REQUIRED ACTION ->
All of the entries are to be written out again verbatim.
** GIVEN DATA follows **
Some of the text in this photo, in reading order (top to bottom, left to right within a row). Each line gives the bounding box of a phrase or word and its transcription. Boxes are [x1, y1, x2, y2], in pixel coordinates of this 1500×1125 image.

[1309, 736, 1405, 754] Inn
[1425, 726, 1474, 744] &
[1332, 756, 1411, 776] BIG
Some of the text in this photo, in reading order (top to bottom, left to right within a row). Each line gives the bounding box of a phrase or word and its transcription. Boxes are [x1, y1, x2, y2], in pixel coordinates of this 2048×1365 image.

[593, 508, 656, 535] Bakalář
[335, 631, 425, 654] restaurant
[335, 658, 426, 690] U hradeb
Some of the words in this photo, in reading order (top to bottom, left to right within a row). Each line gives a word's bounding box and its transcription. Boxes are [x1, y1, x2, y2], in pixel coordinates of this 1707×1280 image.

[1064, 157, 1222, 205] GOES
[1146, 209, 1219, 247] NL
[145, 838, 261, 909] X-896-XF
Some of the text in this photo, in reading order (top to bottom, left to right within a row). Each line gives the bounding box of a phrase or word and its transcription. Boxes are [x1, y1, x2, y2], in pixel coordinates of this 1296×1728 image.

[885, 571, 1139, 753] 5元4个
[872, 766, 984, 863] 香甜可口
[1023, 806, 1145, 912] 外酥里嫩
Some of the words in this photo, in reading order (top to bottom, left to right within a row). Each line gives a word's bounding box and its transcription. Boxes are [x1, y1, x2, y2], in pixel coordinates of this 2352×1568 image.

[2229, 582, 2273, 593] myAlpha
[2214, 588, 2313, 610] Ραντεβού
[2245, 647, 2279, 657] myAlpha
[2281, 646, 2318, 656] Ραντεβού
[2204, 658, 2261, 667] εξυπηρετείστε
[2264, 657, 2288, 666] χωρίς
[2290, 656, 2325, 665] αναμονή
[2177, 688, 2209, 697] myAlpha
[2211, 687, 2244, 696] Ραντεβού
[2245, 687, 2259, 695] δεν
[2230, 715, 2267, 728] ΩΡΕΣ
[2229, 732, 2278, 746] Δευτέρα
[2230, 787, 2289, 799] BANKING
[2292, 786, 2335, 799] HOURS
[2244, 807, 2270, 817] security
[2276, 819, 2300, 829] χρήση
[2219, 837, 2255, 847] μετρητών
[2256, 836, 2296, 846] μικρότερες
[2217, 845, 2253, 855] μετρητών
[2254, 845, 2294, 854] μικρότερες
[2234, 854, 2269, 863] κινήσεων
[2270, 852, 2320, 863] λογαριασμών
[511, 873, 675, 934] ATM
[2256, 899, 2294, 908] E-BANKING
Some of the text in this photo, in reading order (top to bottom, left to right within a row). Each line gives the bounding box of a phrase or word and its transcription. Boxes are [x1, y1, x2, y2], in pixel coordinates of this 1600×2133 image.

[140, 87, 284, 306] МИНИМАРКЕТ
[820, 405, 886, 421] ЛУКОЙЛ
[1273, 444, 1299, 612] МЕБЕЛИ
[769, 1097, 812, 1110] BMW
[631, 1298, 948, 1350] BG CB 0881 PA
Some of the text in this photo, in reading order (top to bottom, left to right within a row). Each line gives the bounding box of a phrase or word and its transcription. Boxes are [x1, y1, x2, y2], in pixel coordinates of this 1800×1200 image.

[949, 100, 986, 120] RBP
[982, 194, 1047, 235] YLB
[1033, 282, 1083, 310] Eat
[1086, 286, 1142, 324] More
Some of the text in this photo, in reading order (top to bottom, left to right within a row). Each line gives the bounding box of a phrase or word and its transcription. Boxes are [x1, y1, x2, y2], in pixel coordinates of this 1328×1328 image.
** End of GIVEN DATA **
EXERCISE ANSWER ->
Some of the text in this photo, in reading order (top to bottom, left to right within a row). Each line gives the bounding box of a phrase or word and its transcription. Boxes are [x1, y1, x2, y2], in pixel coordinates of this 1500×1125 image.

[1309, 736, 1405, 754] Inn
[1425, 726, 1474, 744] &
[1332, 756, 1411, 776] BIG
Some of the text in this photo, in reading order (top to bottom, left to right within a row). Each line gives the bounding box of a phrase or word and its transcription. Boxes are [x1, y1, x2, y2], in pixel coordinates of this 2048×1365 image.

[593, 508, 656, 535] Bakalář
[335, 631, 425, 654] restaurant
[335, 658, 426, 690] U hradeb
Some of the words in this photo, in reading order (top to bottom, left to right within a row). Each line gives a word's bounding box and its transcription. Boxes are [x1, y1, x2, y2], in pixel coordinates of this 1707×1280 image.

[1064, 157, 1222, 205] GOES
[1146, 209, 1219, 247] NL
[145, 838, 261, 909] X-896-XF
Some of the text in this photo, in reading order (top to bottom, left to right within a row). Each line gives the bounding box of a phrase or word and its transcription. Boxes are [x1, y1, x2, y2], in pixel coordinates of this 1296×1728 image.

[885, 571, 1139, 753] 5元4个
[872, 766, 984, 863] 香甜可口
[1023, 806, 1145, 912] 外酥里嫩
Some of the words in this photo, in reading order (top to bottom, left to right within a row). Each line gives a word's bounding box and its transcription. Boxes are [x1, y1, x2, y2], in pixel coordinates of this 2352×1568 image.

[2229, 582, 2273, 593] myAlpha
[2214, 588, 2313, 610] Ραντεβού
[2245, 647, 2279, 657] myAlpha
[2281, 646, 2318, 656] Ραντεβού
[2204, 658, 2261, 667] εξυπηρετείστε
[2264, 657, 2288, 666] χωρίς
[2290, 656, 2325, 665] αναμονή
[2177, 688, 2209, 697] myAlpha
[2211, 687, 2244, 696] Ραντεβού
[2245, 687, 2259, 695] δεν
[2230, 715, 2267, 728] ΩΡΕΣ
[2229, 732, 2278, 746] Δευτέρα
[2230, 787, 2289, 799] BANKING
[2292, 786, 2335, 799] HOURS
[2244, 807, 2270, 817] security
[2276, 819, 2300, 829] χρήση
[2219, 837, 2255, 847] μετρητών
[2256, 836, 2296, 846] μικρότερες
[2217, 845, 2253, 855] μετρητών
[2254, 845, 2294, 854] μικρότερες
[2234, 854, 2269, 863] κινήσεων
[2270, 852, 2320, 863] λογαριασμών
[511, 873, 675, 934] ATM
[2256, 899, 2294, 908] E-BANKING
Some of the text in this photo, in reading order (top to bottom, left to right within a row). Each line gives the bounding box of a phrase or word and its transcription. Boxes are [x1, y1, x2, y2], in pixel coordinates of this 1600×2133 image.

[140, 87, 284, 306] МИНИМАРКЕТ
[820, 405, 886, 421] ЛУКОЙЛ
[1273, 444, 1299, 612] МЕБЕЛИ
[769, 1097, 812, 1110] BMW
[631, 1298, 948, 1350] BG CB 0881 PA
Some of the text in this photo, in reading order (top to bottom, left to right within a row). Each line gives the bounding box of a phrase or word and its transcription. Boxes are [x1, y1, x2, y2], in pixel coordinates of this 1800×1200 image.

[949, 100, 986, 120] RBP
[982, 194, 1047, 235] YLB
[1033, 282, 1083, 310] Eat
[1086, 286, 1142, 324] More
Some of the text in this photo, in reading order (top to bottom, left to right within a row). Each line gives the bounding box of a phrase or word and its transcription. Boxes are [x1, y1, x2, y2], in pixel coordinates of this 1328×1328 image.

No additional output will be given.